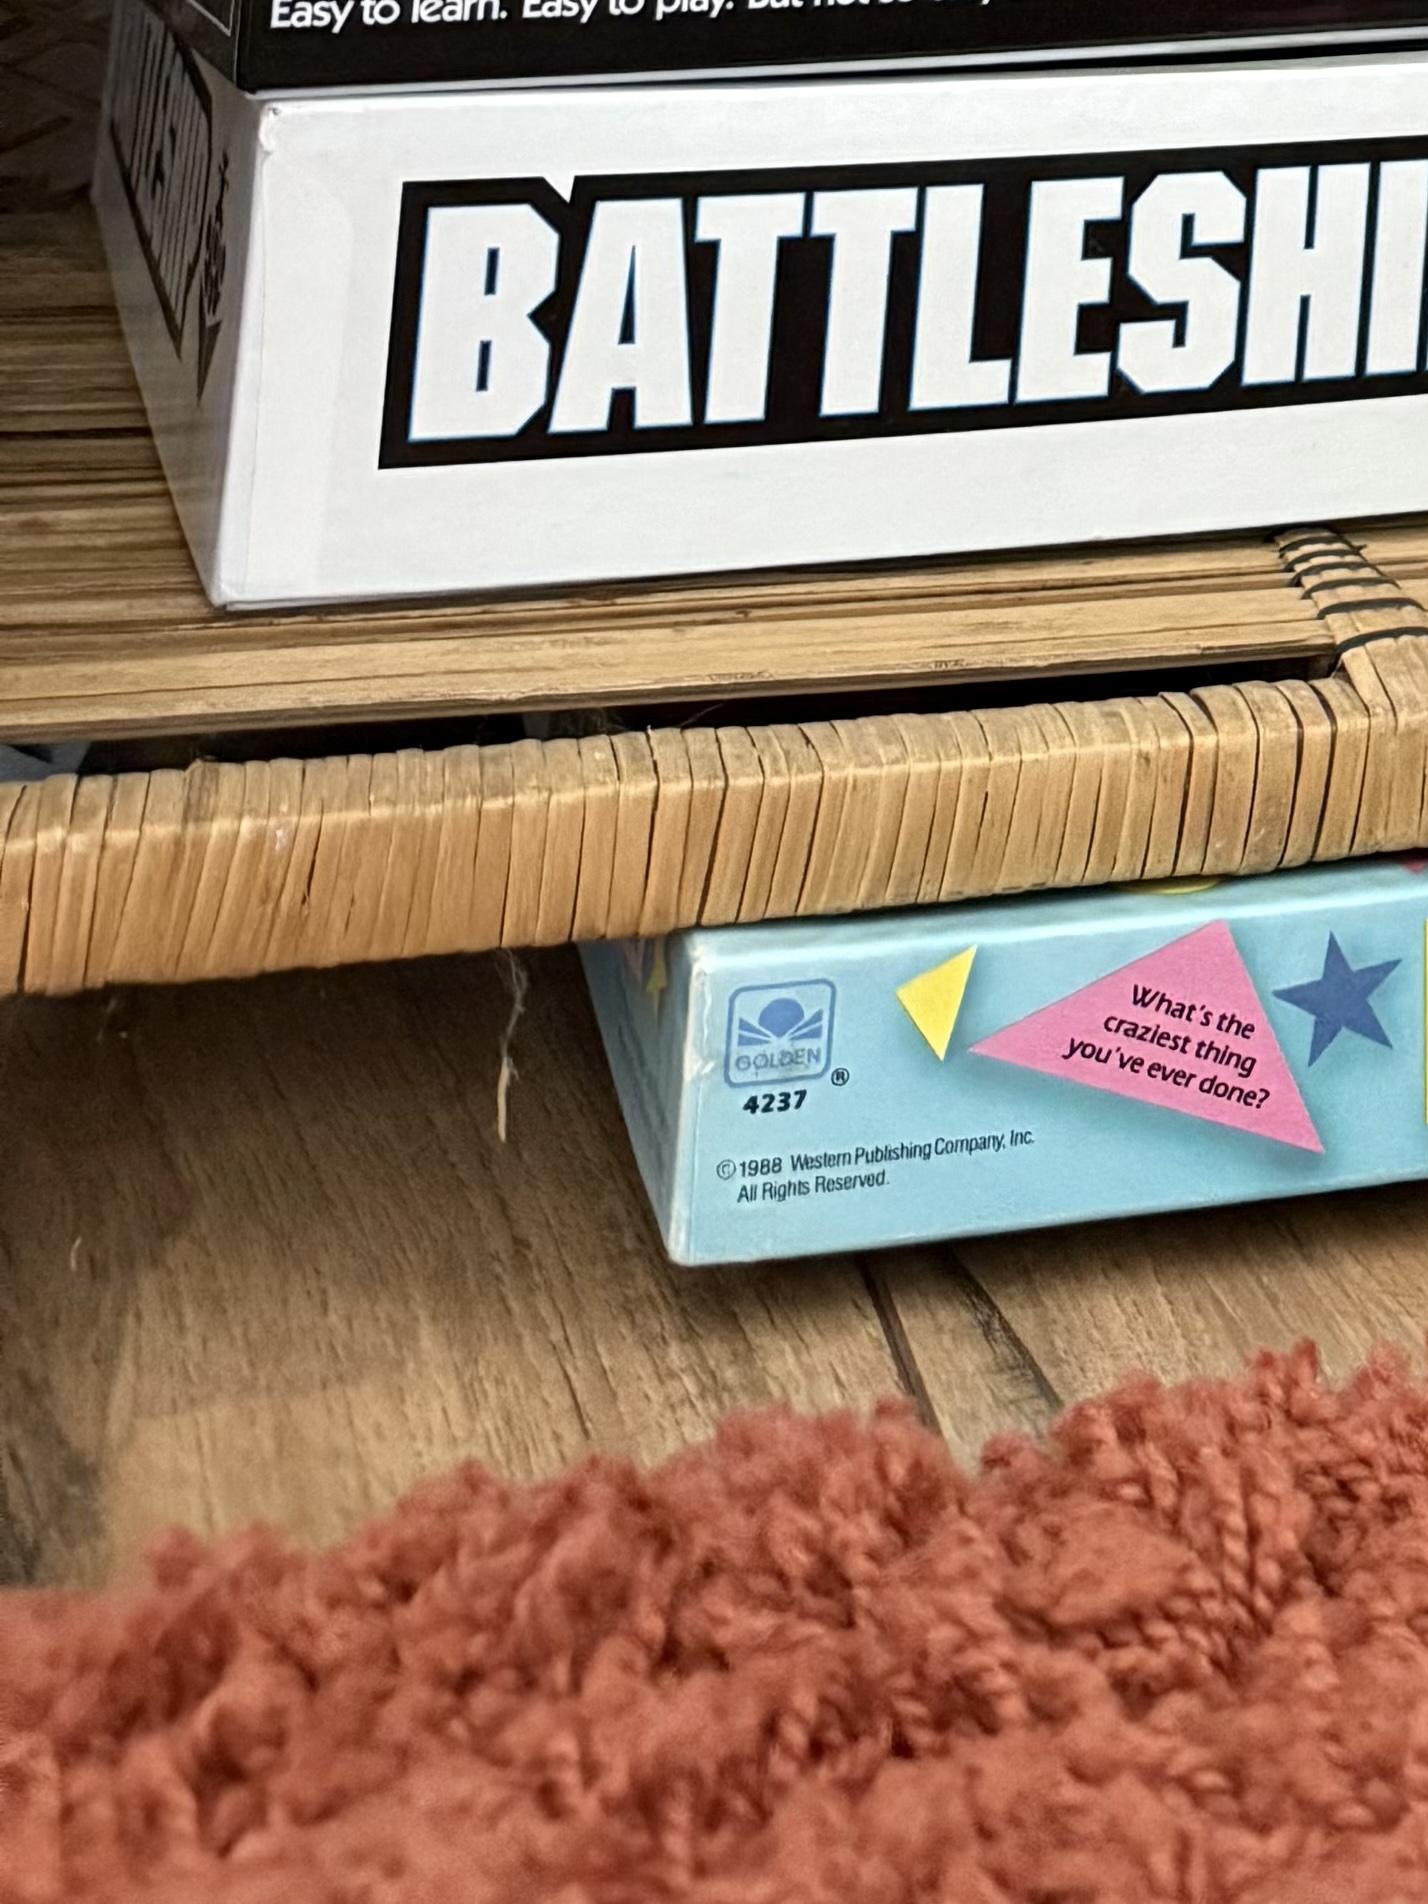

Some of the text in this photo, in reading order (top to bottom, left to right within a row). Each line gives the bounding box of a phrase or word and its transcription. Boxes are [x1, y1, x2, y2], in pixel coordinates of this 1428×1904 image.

[1132, 984, 1256, 1040] What's the
[735, 1047, 822, 1072] GOLDEN
[1103, 1015, 1257, 1078] craziest thing
[1061, 1037, 1271, 1109] you've ever done?
[742, 1089, 808, 1115] 4237
[790, 1150, 852, 1172] Western
[854, 1140, 932, 1167] Publishing
[934, 1132, 1007, 1157] Company,
[1009, 1128, 1036, 1147] Inc.
[737, 1169, 891, 1204] All Rights Reserved.
════════════════════
When a record holds a picture, leave that picture out; copy the rest verbatim.

Some of the text in this photo, in reading order (top to bottom, left to right within a row). Each line gives the bounding box of a phrase or word and its transcription. Boxes are [x1, y1, x2, y2], in pixel coordinates of this 1428×1904 image.

[1132, 984, 1256, 1040] What's the
[735, 1047, 822, 1072] GOLDEN
[1103, 1015, 1257, 1078] craziest thing
[1061, 1037, 1271, 1109] you've ever done?
[742, 1089, 808, 1115] 4237
[790, 1150, 852, 1172] Western
[854, 1140, 932, 1167] Publishing
[934, 1132, 1007, 1157] Company,
[1009, 1128, 1036, 1147] Inc.
[737, 1169, 891, 1204] All Rights Reserved.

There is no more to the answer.